2) Agenda books. It's very nice of you to educate me on prejudice or famine or whatever, but I could just pick up a newspaper.
3) Books that aren't art. Writing ought to be an art form but nowadays we just let any old rubbish be published.
4) The majority of fantasy books. Because we live in a whizzy beautiful world, we don't really need to bother with a structure, we'll just shove a few dragons in and make the rest up as we go along.
5) Unnecessary swearing. I understand in some books that it has a point but nowadays a book isn't a book unless someone's sweared at least 100 times.
6) Long books. We don't write novels now, we write bricks.
Don't like women authors? are you crazy? Austen, Elliot, Dickinson, H.D., Munro, Shelly, Woolf, Mansfield, Porter, O'Conner, Oates, O'brien, Carter, Byatt, Moss, Plath (though she is over-rated), Dove, Hebert, etc. etc. etc. I would think, especially at contemporary times, the female contribution is far exceeding the male one in Western countries. I know in Canada the female contribution is vastly superior to the male one.
mohakom
03-30-2008, 01:00 PM
i read sth and i extremely didn't like it the stuff writing above.......
mortalterror
03-30-2008, 03:05 PM
6) Long books. We don't write novels now, we write bricks.
I have to agree. I can't stand most long novels. I get a couple of hundred pages in and I start thinking, "There's really no way that the author could have made this book shorter? Is every single word necessary?" It must take an incredible ego to write a book over a thousand pages long, to think that you have something that important to say.
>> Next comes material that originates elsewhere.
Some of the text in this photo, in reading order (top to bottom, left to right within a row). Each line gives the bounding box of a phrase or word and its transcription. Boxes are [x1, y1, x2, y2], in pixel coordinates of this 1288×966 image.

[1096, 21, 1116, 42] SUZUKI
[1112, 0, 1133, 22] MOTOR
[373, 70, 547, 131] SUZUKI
When I read a book like that, I get the feeling that the author doesn't value his reader's time, doesn't consider that they might have other things to do. When I read War and Peace the dude hadn't gotten to the point after 500 pages, and I still didn't know what the book was about. I kept thinking, I could read this, or I could be reading five good short books. In the amount of time it takes to read Proust's In Search of Lost Time, you could read The Complete Works of Shakespeare.
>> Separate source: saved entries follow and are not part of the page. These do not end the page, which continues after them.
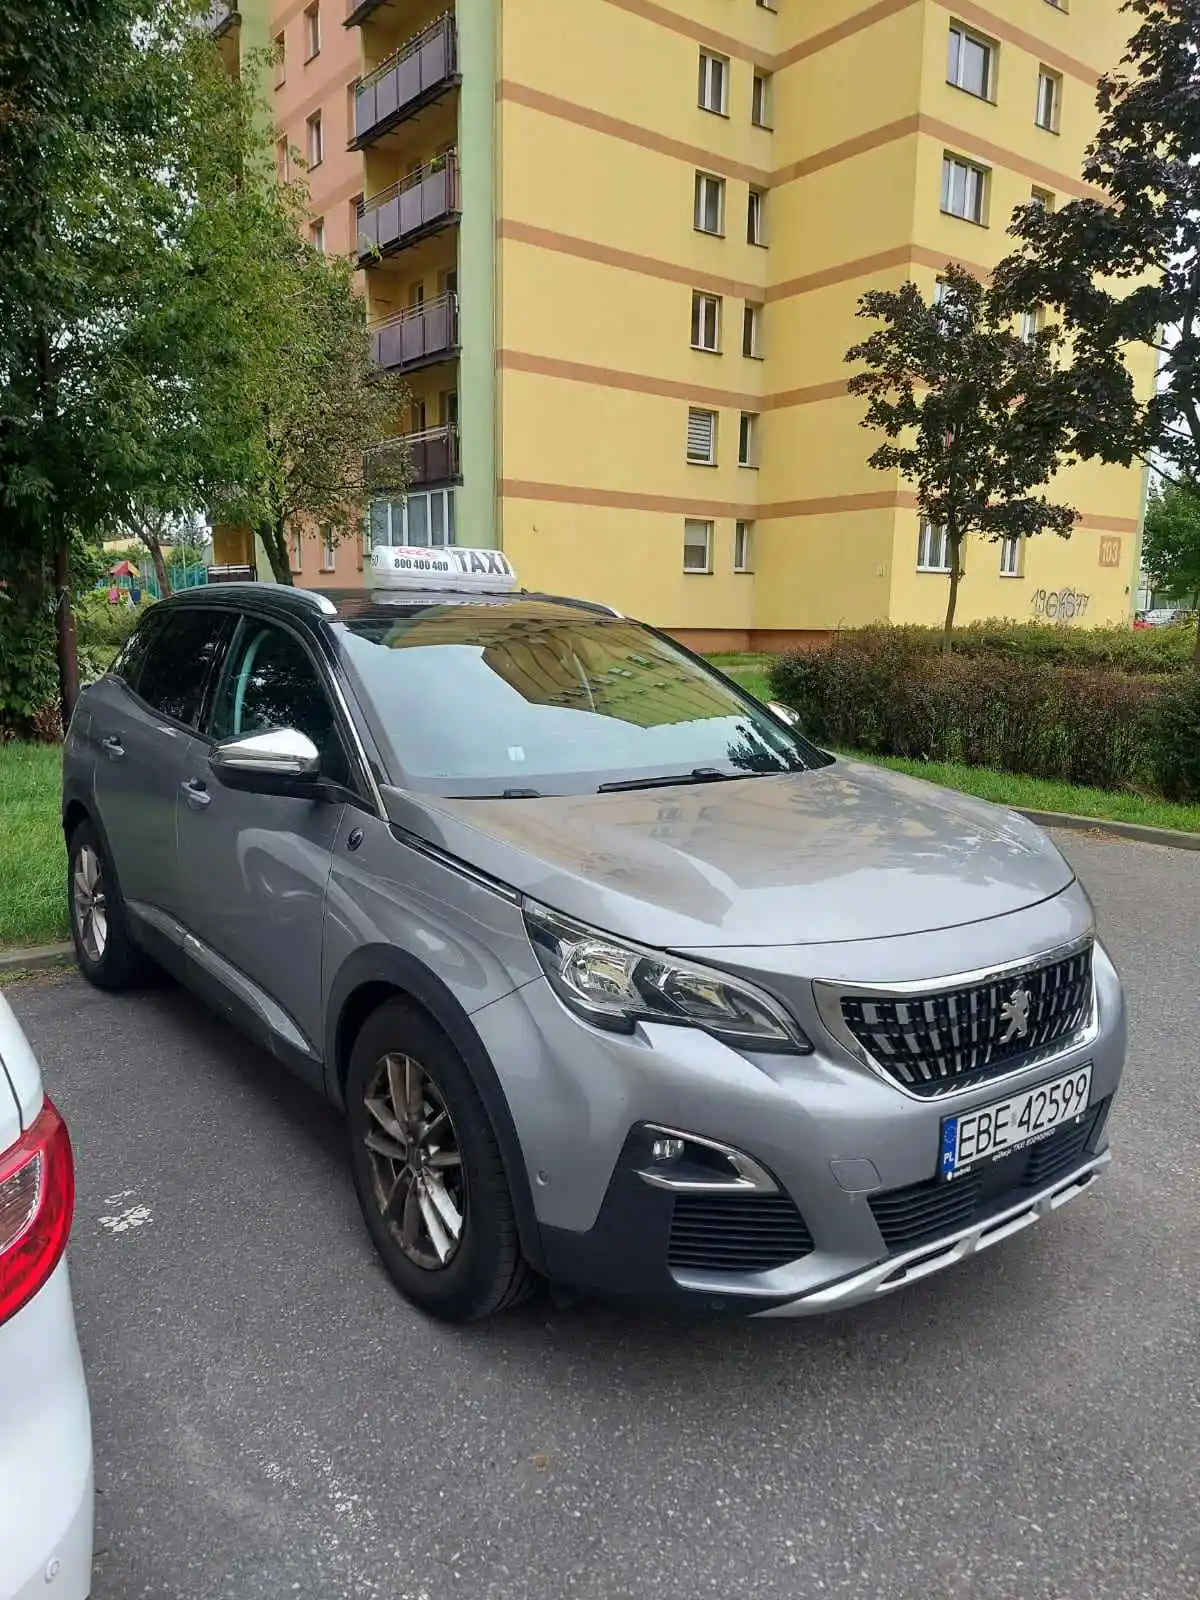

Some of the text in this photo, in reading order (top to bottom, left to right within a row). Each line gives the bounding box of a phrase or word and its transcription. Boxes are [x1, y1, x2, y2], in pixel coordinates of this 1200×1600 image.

[394, 558, 412, 569] 800
[413, 559, 431, 570] 400
[451, 551, 511, 575] TAXI
[958, 1072, 1087, 1161] EBE 42599
[943, 1152, 955, 1164] PL
The names of every great novella, play, and short story I've ever read start going through my head. I think, "Dante's Divine Comedy didn't take this long. Do they think they are better than Dante? He managed to pack seven different layers of meaning into every word instead of writing a book seven times as long. Why couldn't these fellows show the same consideration, and just choose their diction better?"
Most long novels are long because the author's add filler. They stretch the substance of their stories. It's a basic plotting error. Sophocles, Boccaccio, or Balzac could have written most 1,000 page novels on the back of a postcard.
Kent Edwins
03-30-2008, 03:19 PM
I absolutely love a good long fantasy or science fiction. I suppose that's a bit of a guilty pleasure for me. Just as I absolutely love a good 60+ hour long RPG... ahem. Anyway, one thing that I can not stand:
"Formulatic" writing. I'm talking about, say, Narnia, where every chapter is the same amount of pages. Or any book were it seems that the writer follows the same format over and over again, or simply is just trying to reach a certain word count/page quota. "Reanimator" also comes to mind. However, for some reason I don't mind when this happens with poetry, such as Milton and Dante. I suppose there's a bit more of an artistic element to that.
However, in prose, I can't stand it. Formulatic writing in prose does nothing but turn a good plot into something hopelessly long, boring, and drawn out.